Sacramento was founded in December 1848 by John Sutter. Sacramento grew from Sutter's Fort, which was established by John Sutter in 1839. During the California Gold Rush, Sacramento was a major distribution point, a commercial and agricultural center, and a terminus for wagon trains, stagecoaches, riverboats, the telegraph, the Pony Express and the First Transcontinental Railroad.
Typical of California informality, Sacramento is referred to by many nicknames. The most common names are Capital City, River City (after the Sacramento River and American River), and the City of Trees. The nicknames most used by those living in Sacramento are Sacto, Sactown or Sac. The area where Sacramento started originally is called Old Sac. The Big Tomato, Sacratomato, and Sack O' Tomatoes are also used, despite the ongoing triumph of tract houses over tomato fields, referring to the perceived pastorality of Sacramento in comparison with San Francisco and Los Angeles.
 History of Sacramento
 The lost frontier
Main Article: History of Sacramento, California
Valley Miwok, Shonommey and Maidu Indians lived in this area for perhaps thousands of years. Unlike the settlers that would eventually make Sacramento their home, these Indians left little evidence of their existence. Their diet was dominated by acorns taken from the plentiful oak trees in the region, and by fruits, bulbs, seeds, and roots gathered throughout the year.

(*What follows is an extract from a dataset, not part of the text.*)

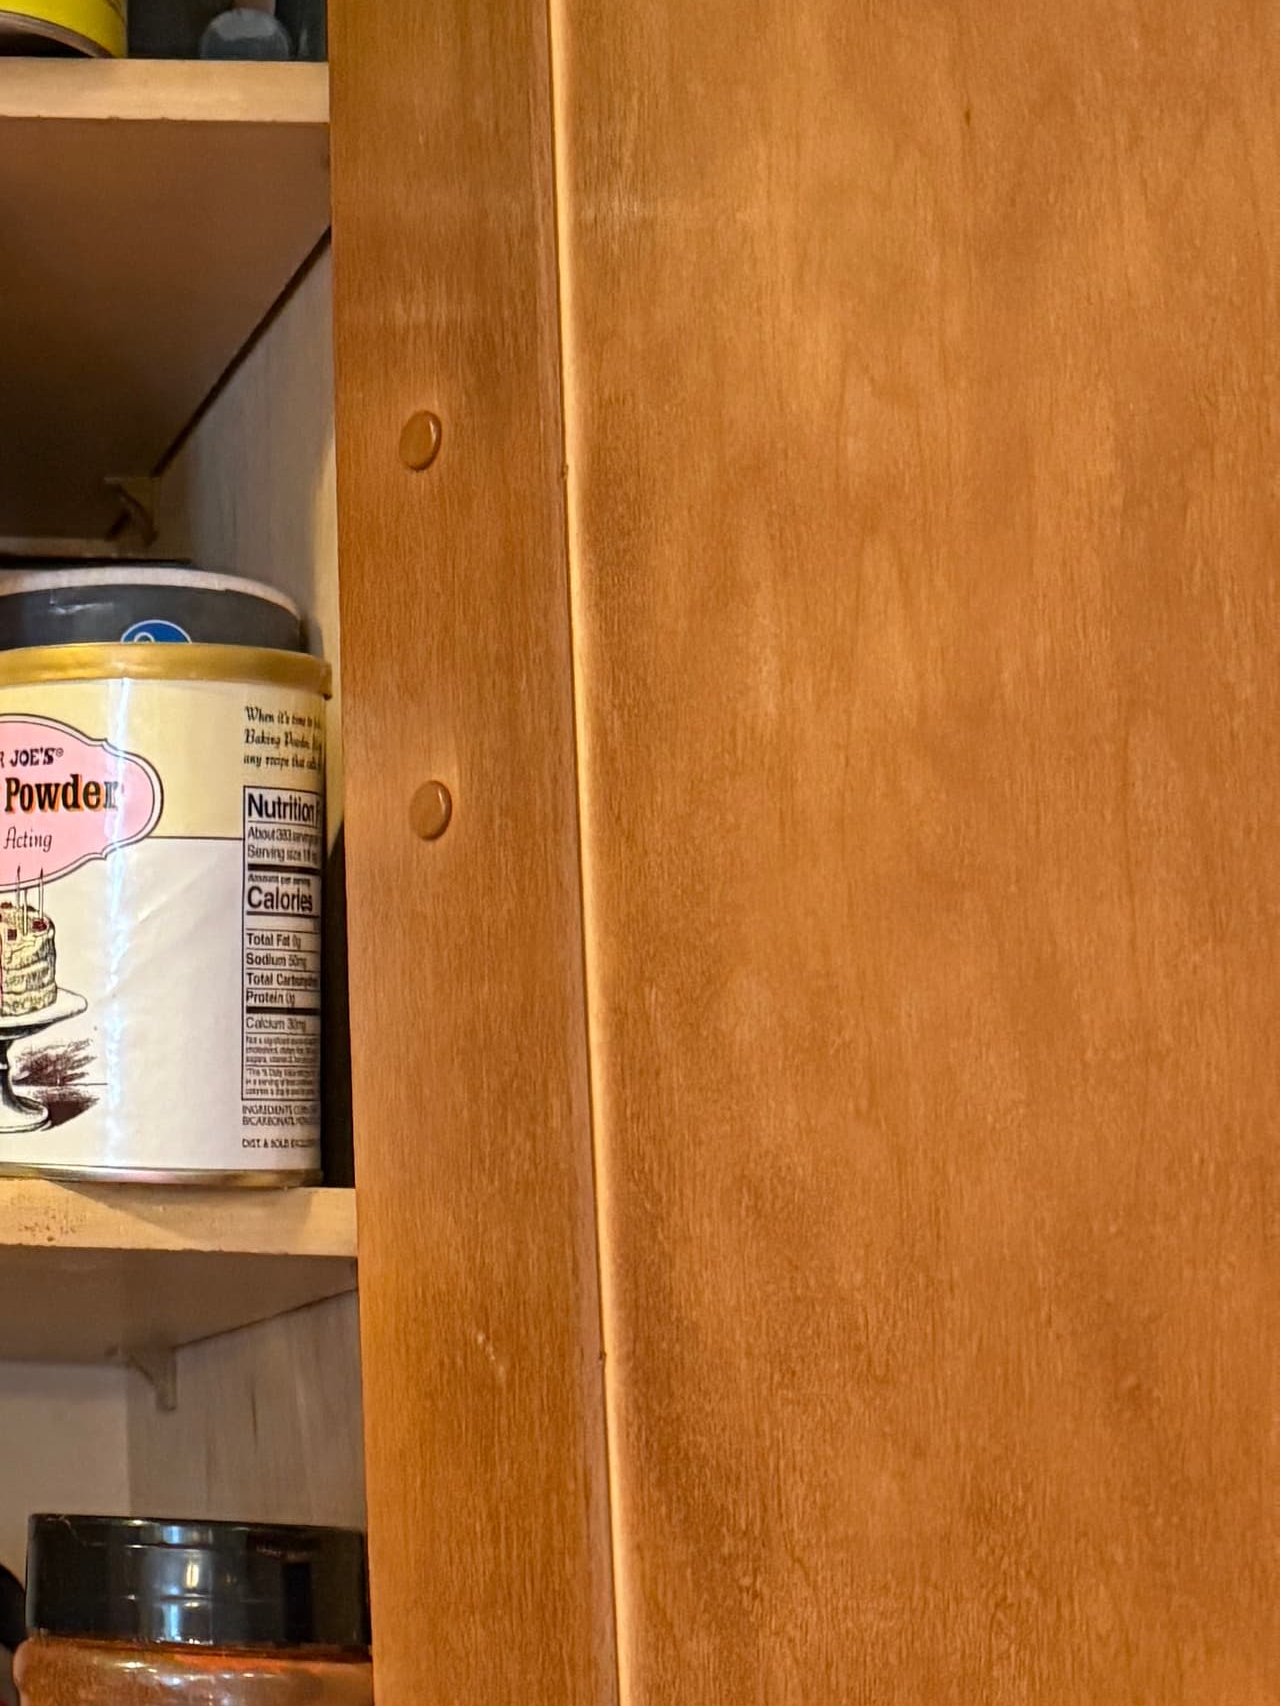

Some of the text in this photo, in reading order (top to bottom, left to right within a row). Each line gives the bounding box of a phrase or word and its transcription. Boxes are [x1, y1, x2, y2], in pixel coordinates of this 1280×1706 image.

In either 1806 or 1808, the Spanish explorer Gabriel Moraga discovered and named the Sacramento Valley and the Sacramento River after the Spanish term for 'sacrament', specifically, after "the Most Holy Sacrament of the Body and Blood of Christ," referring to the Roman Catholic sacrament of the Eucharist.
 From pioneers to gold fever
The pioneer John Sutter arrived from Liestal, Switzerland in the Sacramento area with other settlers in August 1839 and established the trading colony and stockade Sutter's Fort (as New Helvetia or "New Switzerland") in 1840. Sutter's Fort was constructed using labor from local Native American tribes. Sutter received 2,000 fruit trees in 1847, which started the agriculture industry in the Sacramento Valley. In 1848, when gold was discovered by James W. Marshall at Sutter's Mill in Coloma (located some 50 miles northeast of the fort), a large number of gold-seekers came to the area, increasing the population. John Sutter, Jr. then planned the City of Sacramento, against the wishes of his father, naming the city after the Sacramento River for commercial reasons. He hired topographical engineer William H. Warner to draft the official layout of the city, which included 26 lettered and 31 numbered streets (today's grid from C to Broadway and from Front to Alhambra). However, a bitterness grew between the elder Sutter and his son as Sacramento became an overnight commercial success (Sutter's Fort, Mill and the town of Sutterville, all founded by John Sutter, Sr., would eventually fail).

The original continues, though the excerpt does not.